27 novembre 2014

Mike Nichols I. Broadway/Hollywood (1966)

Ça faisait très longtemps que je souhaitais faire part de mon enthousiasme pour le cinéma de Mike Nichols, en particulier concernant la première partie de sa carrière, si audacieuse par ses sujets traités, si novatrice par ses inventions formelles. Sa récente disparition me met face à une opportunité malheureuse que je serai bête de ne pas saisir. 

Né en Allemagne en 1931, Nichols est entré très tôt dans le show business, d'abord à la radio puis sur les planches des cabarets grâce au duo comique formé avec Elaine May. Et c'est en particulier sur la scène de Broadway qu'il va bien vite acquérir une extraordinaire réputation de metteur en scène, remportant succès critiques et publics et se voyant confié les plus prestigieux projets.

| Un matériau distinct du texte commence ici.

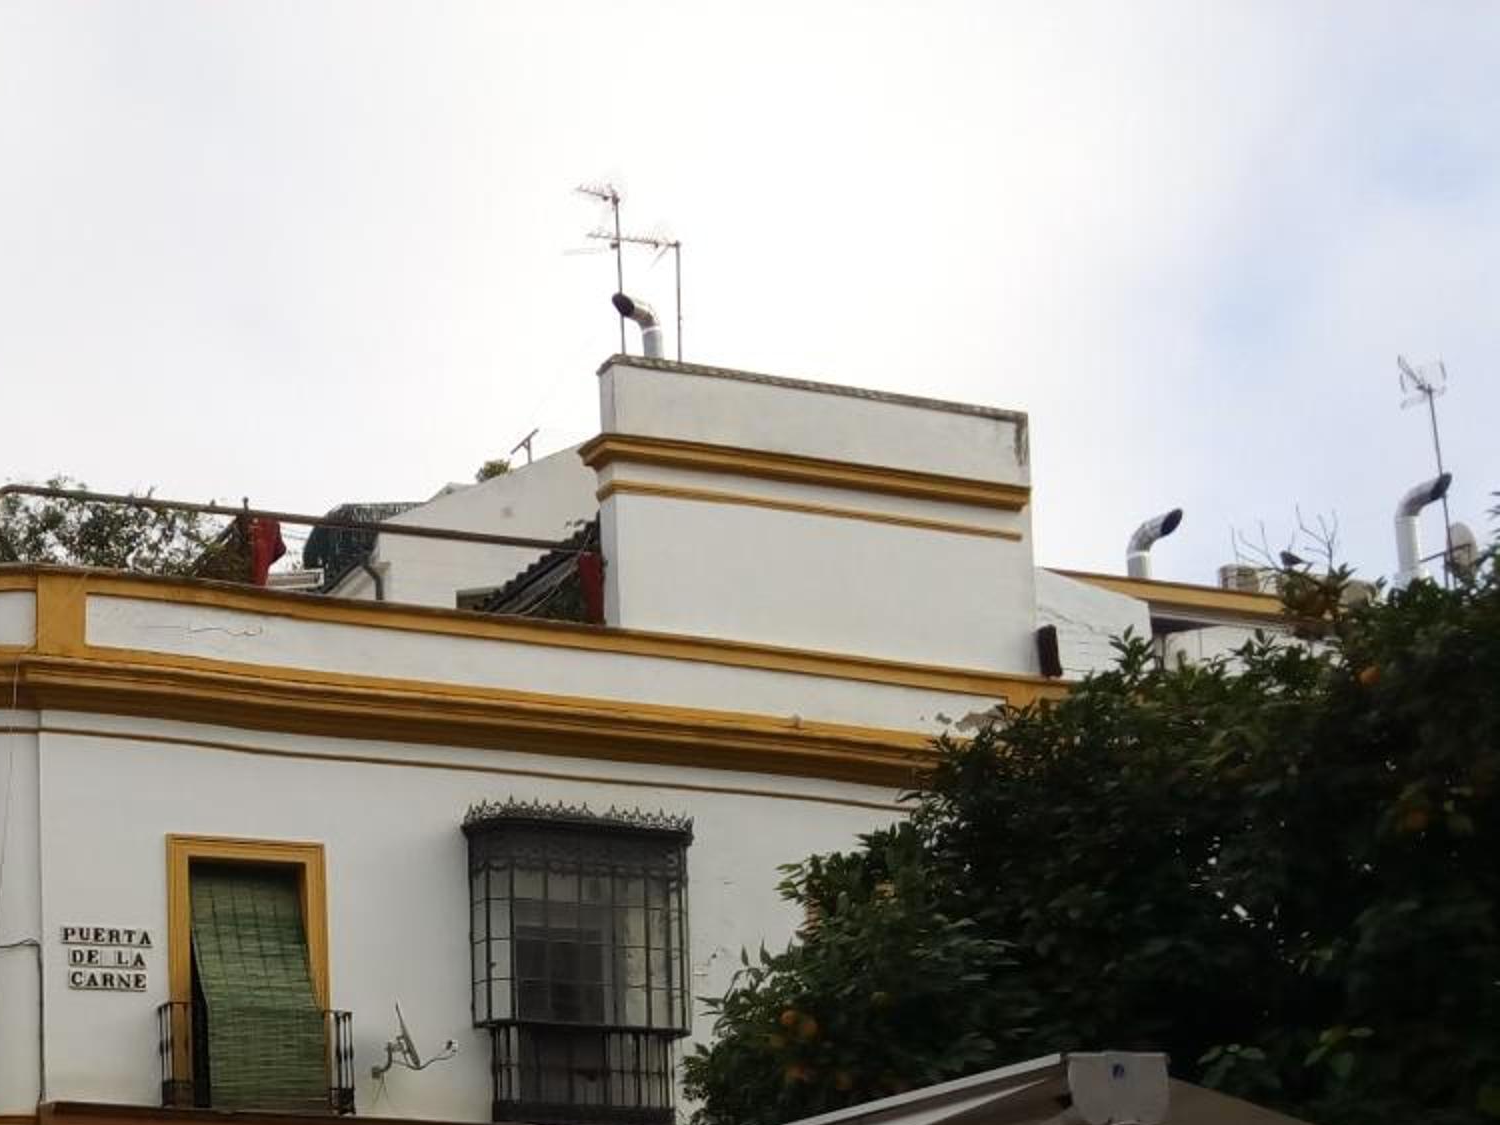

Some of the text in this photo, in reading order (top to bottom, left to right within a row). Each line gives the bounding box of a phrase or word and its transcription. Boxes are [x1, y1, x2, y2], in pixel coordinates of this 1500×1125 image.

[62, 927, 152, 945] PUERTA
[71, 949, 146, 967] DE LA
[70, 971, 147, 989] CARNE

C'est donc tout naturellement qu'Hollywood en vient à s'intéresser au jeune prodige, en lui offrant pour sa première réalisation un couple de star et une pièce à succès...



 Who's afraid of Virginia Woolf ? (Qui a peur de Virginia Woolf ?), 1966
Il fallait sans doute toute la fougue d'un jeune et talentueux metteur en scène pour traiter dignement un sujet aussi audacieux que celui proposé ici. Nichols s'autorise des écarts de langage inédits pour l'époque et filme des situations scabreuses qui n'auraient jamais été acceptées il y a peu par le Code de production hollywoodien. On est dans la continuité du sillon creusé par Elia Kazan avec ses adaptations de Tennesse Williams, et surtout d'Arthur Penn qui la même année décrivait la médiocrité bourgeoise dans The Chase (La Poursuite impitoyable)Dans ses films suivants, Nichols tentera de repousser à chaque fois un peu plus les limites du politiquement incorrect, avec une vraie volonté de proposer un cinéma qui parle à son époque. 

La pièce d'Edward Albee est ici adaptée assez fidèlement par Ernest Lehman tout en proposant quelques aérations pas trop artificielles (il fallait de toutes façons conserver la dimension étouffante de ce huis clos en quasi-temps réel). Spectacle dérangeant d'un couple qui s'aime à s'en déchirer, la pièce se voulait volontairement excessive, offrant ainsi un terrain de jeu idéal pour des acteurs. L'expérience de la scène de Nichols s'affirme ici comme fondamentale et l'homme demeurera tout au long de sa carrière l'un des directeurs d'acteurs les plus respectés par ses pairs, voyant défiler auprès de lui les plus grandes stars, certaines lui conservant une vraie fidélité tels Jack Nicholson et Meryl Streep (4 films chacun). 

L'observation de la relation amoureuse s'impose dès lors comme l'un des thémes de prédilection du cinéaste, revendiquant les influences de George Stevens, Renoir et BergmanLa présence du duo Richard Burton/Elisabeth Taylor fait évidemment tout le prix du film, et on ne peut contester le caractère époustouflant de leur performance, imprimée à jamais sur la pellicule. Les rôles collent parfaitement à la personnalité du couple, habitué au comportement fantasque qui a fait les choux gras de la presse depuis la naissance controversé de leur idylle sur le tournage du Cleopatra de MankiewiczLe film fera sensation, sans doute grâce à l'événement promis par une telle affiche. Voir cet authentique couple se déchirer à l'écran a quelque chose de troublant et cela tourne parfois à l'expérience (et je ne parle pas de ce que ça peut provoquer si comme moi vous avez l'occasion de voir la pièce sur scène). À l'écran comme dans la vie, les deux connaissent bien les affres de la boisson, et semblent composer sans mal des individus aussi odieux que pathétiques, avec une absence totale de pudeur et une prise de risque qui s'avèrera payante puisque Taylor remportera l'oscar de la meilleure actrice cette année-là (première des nombreuses récompenses qui émailleront la carrière de Nichols). Le jeu de miroir est en fait multiple, car la situation désolante illustrée par leur couple semble annoncer le triste futur promis aux jeunes mariés qu'ils accueillent le temps d'une soirée, encore bercés par les illusions de leur amour tout frais. Tout n'est pourtant pas si noir, et l'on quitte cette perturbante compagnie en ayant plutôt l'impression qu'ils possèdent une force et une solidité peu commune, assez loin du sentiment de gâchis qu'ils auront tenté d'exprimer. La superbe partition d'Alex North participe évidemment  de cette mélancolie qui finit par nous étreindre.